◆ Instructions for the task
Word-for-word reproduction, images excluded: copy every entry below.

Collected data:
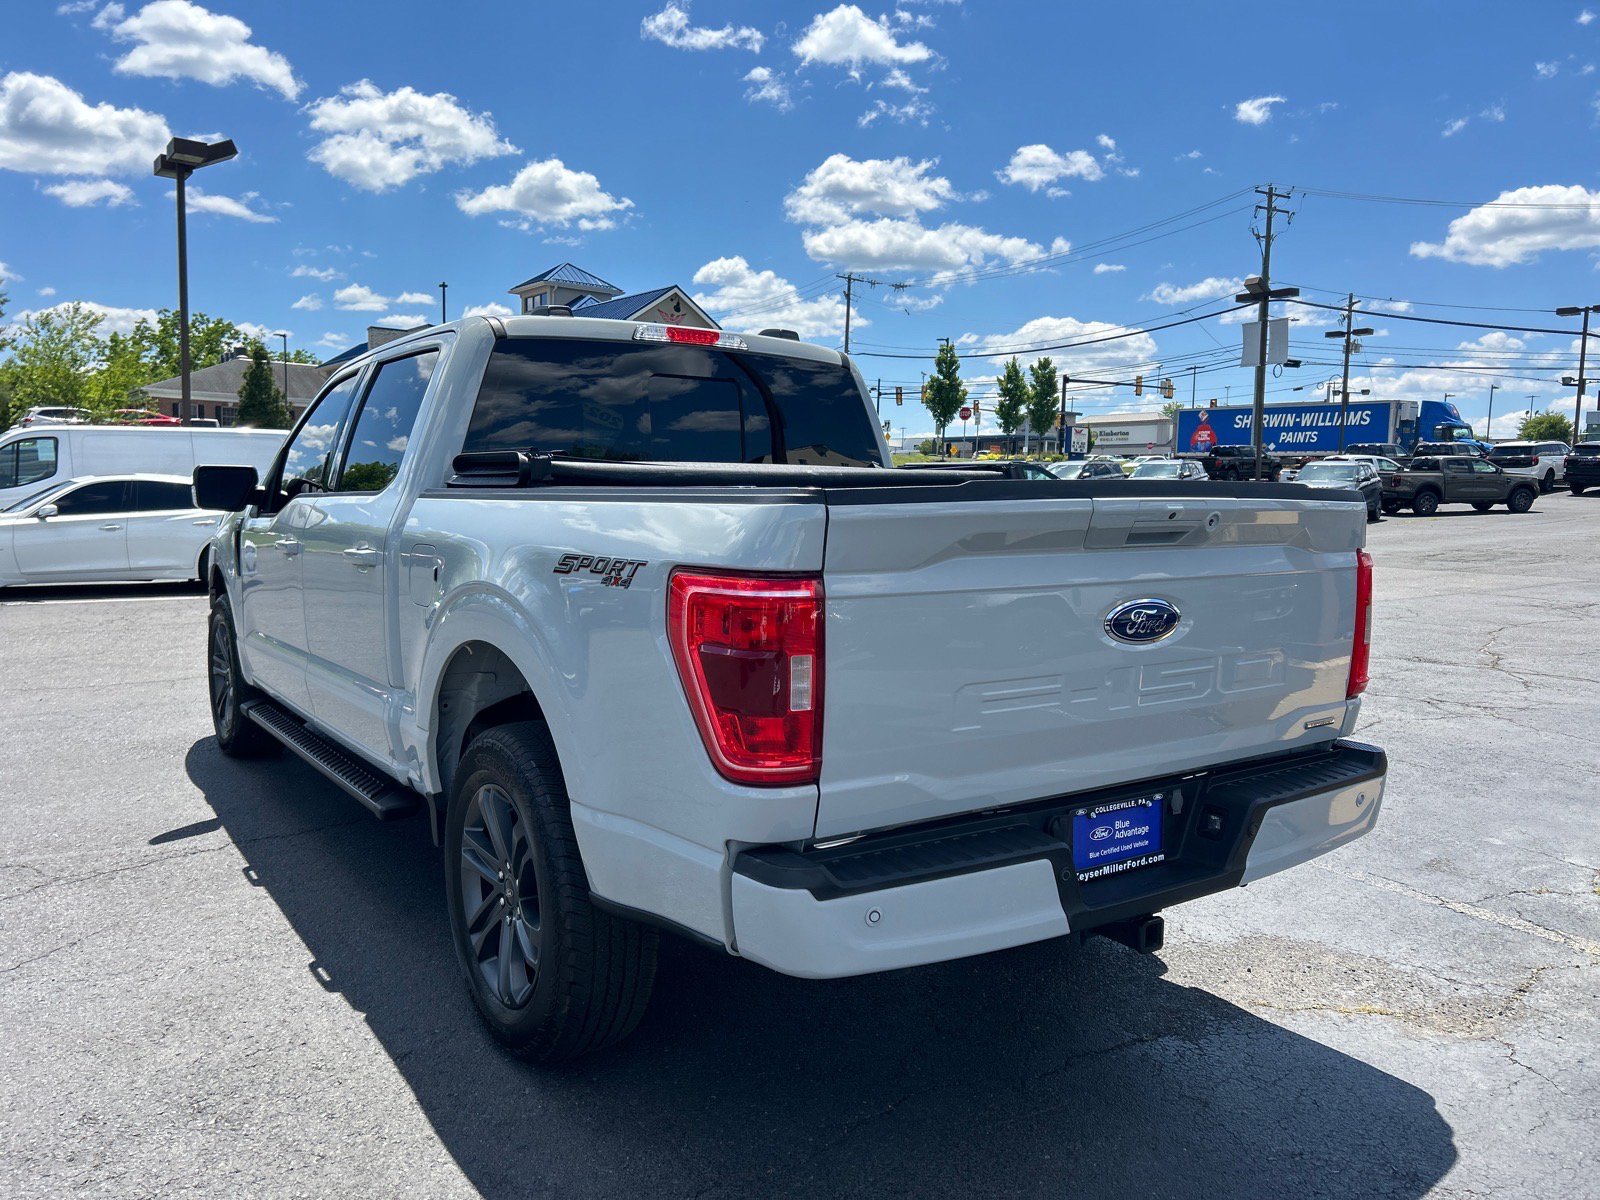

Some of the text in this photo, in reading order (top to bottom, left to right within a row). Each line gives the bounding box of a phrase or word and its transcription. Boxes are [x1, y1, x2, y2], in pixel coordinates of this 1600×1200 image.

[1233, 410, 1371, 428] SHRWIN-WILLIAMS
[1279, 431, 1318, 443] PAINTS
[553, 553, 649, 578] SPORT
[1126, 609, 1168, 635] Ford
[951, 648, 1288, 732] F-150
[1093, 828, 1110, 839] Ford
[1115, 820, 1130, 829] Blue
[1115, 825, 1150, 839] Advantage
[1089, 839, 1149, 859] Blue Certified Used Vehicle
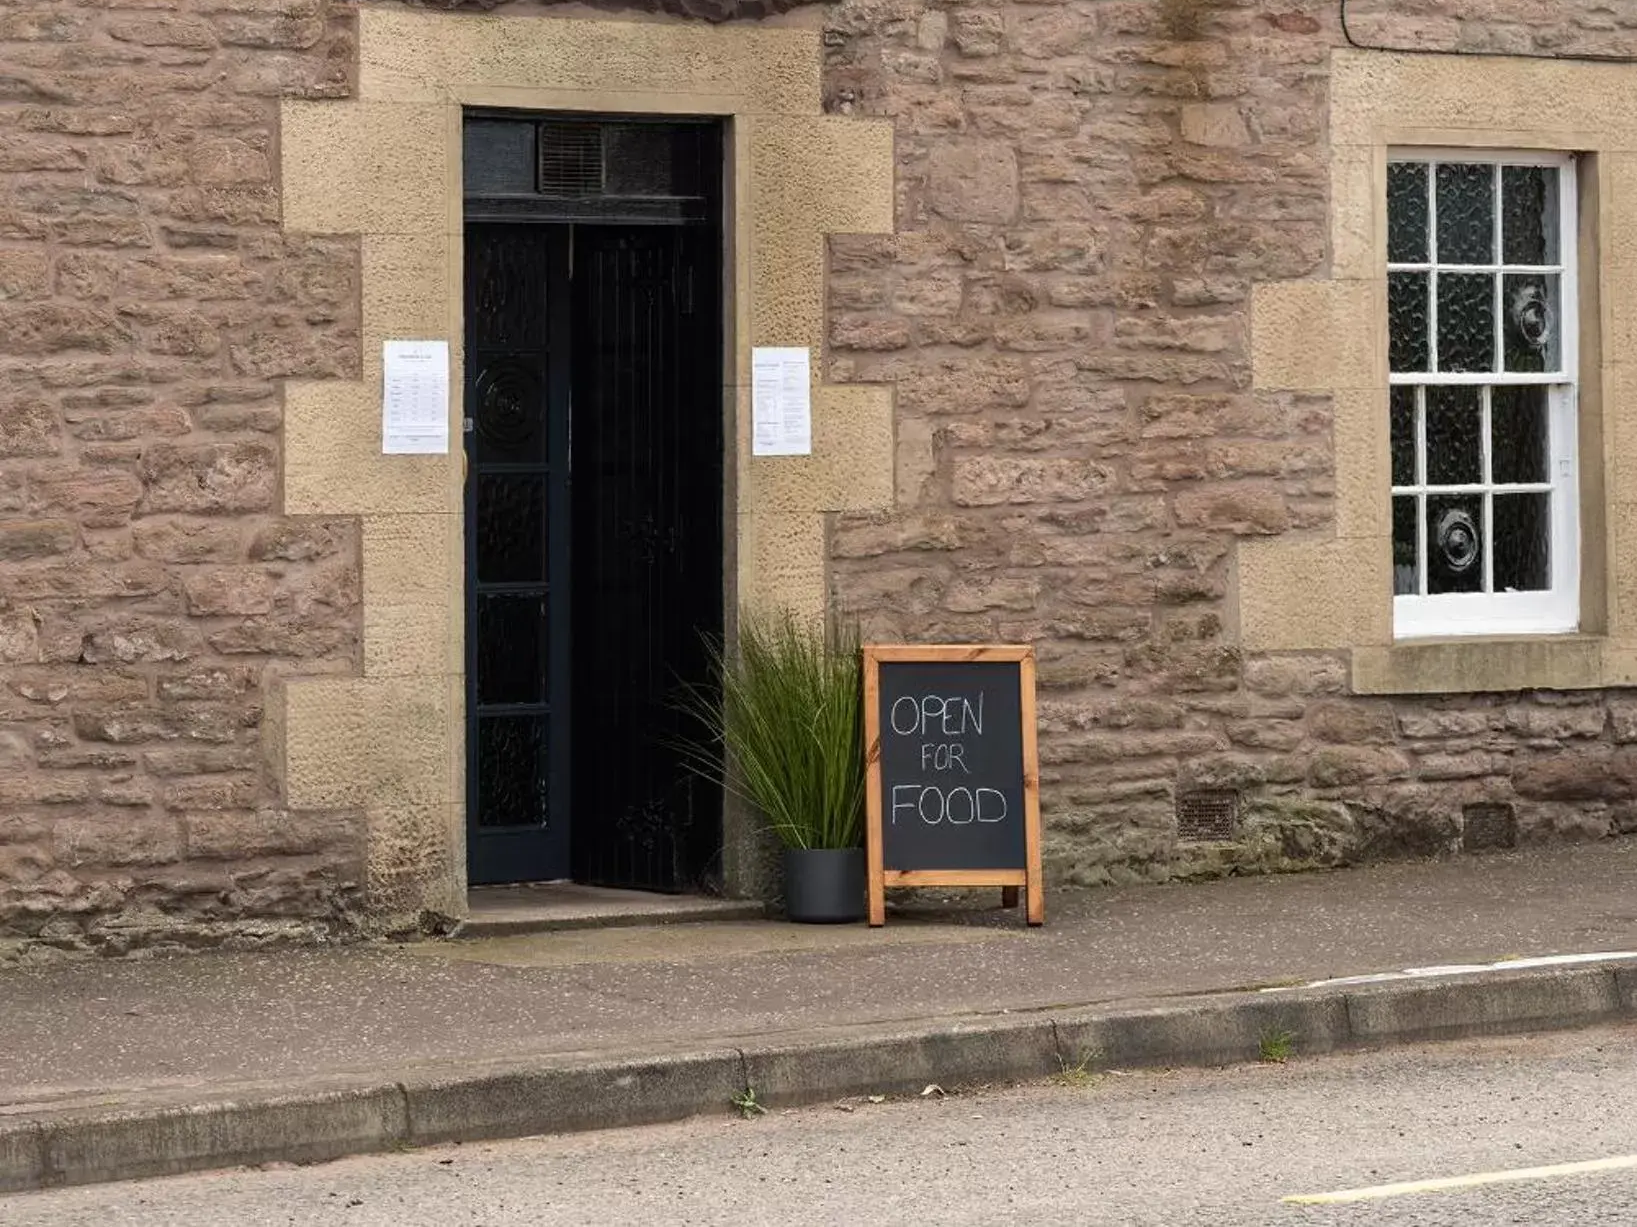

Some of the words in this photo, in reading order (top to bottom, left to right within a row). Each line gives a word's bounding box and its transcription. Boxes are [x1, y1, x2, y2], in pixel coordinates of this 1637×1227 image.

◆ Response box
Some of the text in this photo, in reading order (top to bottom, left to right within a row). Each line gives the bounding box of a phrase or word and its transcription. Boxes are [x1, y1, x2, y2], in pixel coordinates of this 1600×1200 image.

[1233, 410, 1371, 428] SHRWIN-WILLIAMS
[1279, 431, 1318, 443] PAINTS
[553, 553, 649, 578] SPORT
[1126, 609, 1168, 635] Ford
[951, 648, 1288, 732] F-150
[1093, 828, 1110, 839] Ford
[1115, 820, 1130, 829] Blue
[1115, 825, 1150, 839] Advantage
[1089, 839, 1149, 859] Blue Certified Used Vehicle

Some of the words in this photo, in reading order (top to bottom, left to right within a row). Each line gives a word's bounding box and its transcription. Boxes are [x1, y1, x2, y2], in pixel coordinates of this 1637×1227 image.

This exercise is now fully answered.